Friendly neighborhood tavern or nuisance bar?
Time has taken a toll on the Somerset Inn, which was the scene of the Robert Dickinson murder in March of 1985. For many years since, it has been vacant and rundown, with its parking lot overgrown with weeds. The building at the crossroads of Routes 136 and 519 in Eighty Four earned the reputation of being a nuisance bar after it was the scene of two murders in the same year.

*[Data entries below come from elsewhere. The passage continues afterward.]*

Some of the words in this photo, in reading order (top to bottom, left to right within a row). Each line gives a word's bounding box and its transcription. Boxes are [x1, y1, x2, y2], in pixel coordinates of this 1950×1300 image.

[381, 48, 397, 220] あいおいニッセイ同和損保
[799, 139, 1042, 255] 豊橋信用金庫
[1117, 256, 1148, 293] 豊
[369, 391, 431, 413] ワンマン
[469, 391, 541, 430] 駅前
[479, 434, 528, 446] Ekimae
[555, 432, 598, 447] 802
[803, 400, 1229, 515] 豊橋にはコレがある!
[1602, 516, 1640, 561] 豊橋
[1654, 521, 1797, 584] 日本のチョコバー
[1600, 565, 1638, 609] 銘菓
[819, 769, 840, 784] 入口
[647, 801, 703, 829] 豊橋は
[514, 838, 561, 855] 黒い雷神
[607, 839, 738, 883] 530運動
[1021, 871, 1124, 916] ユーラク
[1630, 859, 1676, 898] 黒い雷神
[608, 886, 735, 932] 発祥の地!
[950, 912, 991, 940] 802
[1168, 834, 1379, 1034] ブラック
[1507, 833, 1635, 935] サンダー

Shortly after the Dickinson murder, in December 1985, Drayton Brown Sphar, 38, of Washington, was found stabbed to death in his car in the parking lot. Thomas Jeffrey Gorby, 27, of Eighty Four, was convicted of first-degree murder and was originally sentenced to death. He was eventually granted another trial and his sentence was reduced to third-degree murder. Gorby died of liver cancer at SCI-Fayette on March 23, 2022, at the age of 63.

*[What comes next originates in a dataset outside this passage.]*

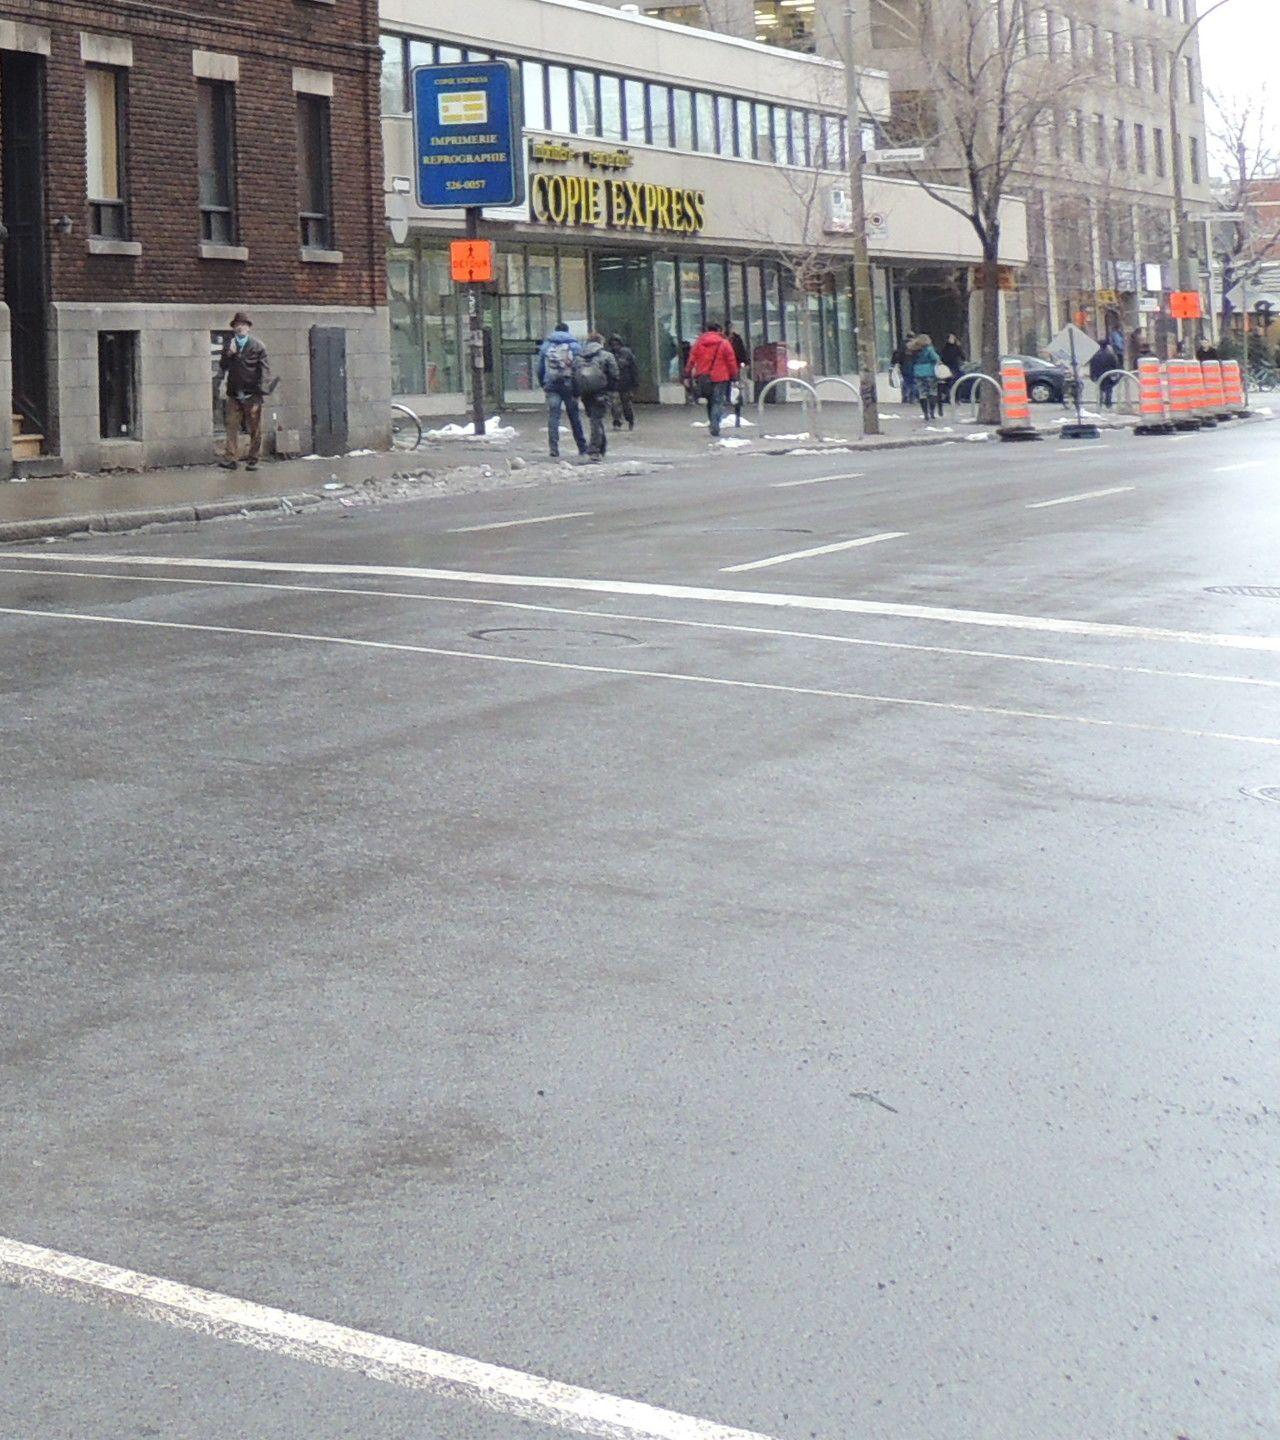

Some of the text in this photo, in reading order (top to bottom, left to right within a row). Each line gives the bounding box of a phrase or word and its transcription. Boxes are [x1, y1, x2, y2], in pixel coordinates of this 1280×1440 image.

[430, 134, 498, 146] IMPRIMERIE
[422, 152, 508, 165] REPROGRAPHIE
[532, 174, 706, 233] COPIE EXPRESS

Although the events of 1985 put the Eighty Four crossroads on the map, more than a decade earlier, 86-year-old Myrtle Amos was murdered in a house nearby. Mrs. Amos, the wife of the late Washington County Commissioner Earl Amos, was killed in 1971 by her housekeeper, Violet Marie Williams, 50, of Eighty Four. Williams was accused of killing the woman and storing her body in a freezer. Her burned body was discovered weeks later in a heap of trash in West Finley Township.
Williams was convicted and sentenced to life in prison. A record of her death couldn’t be located, but she would have been over 100 years old by now, so it is likely she died in prison.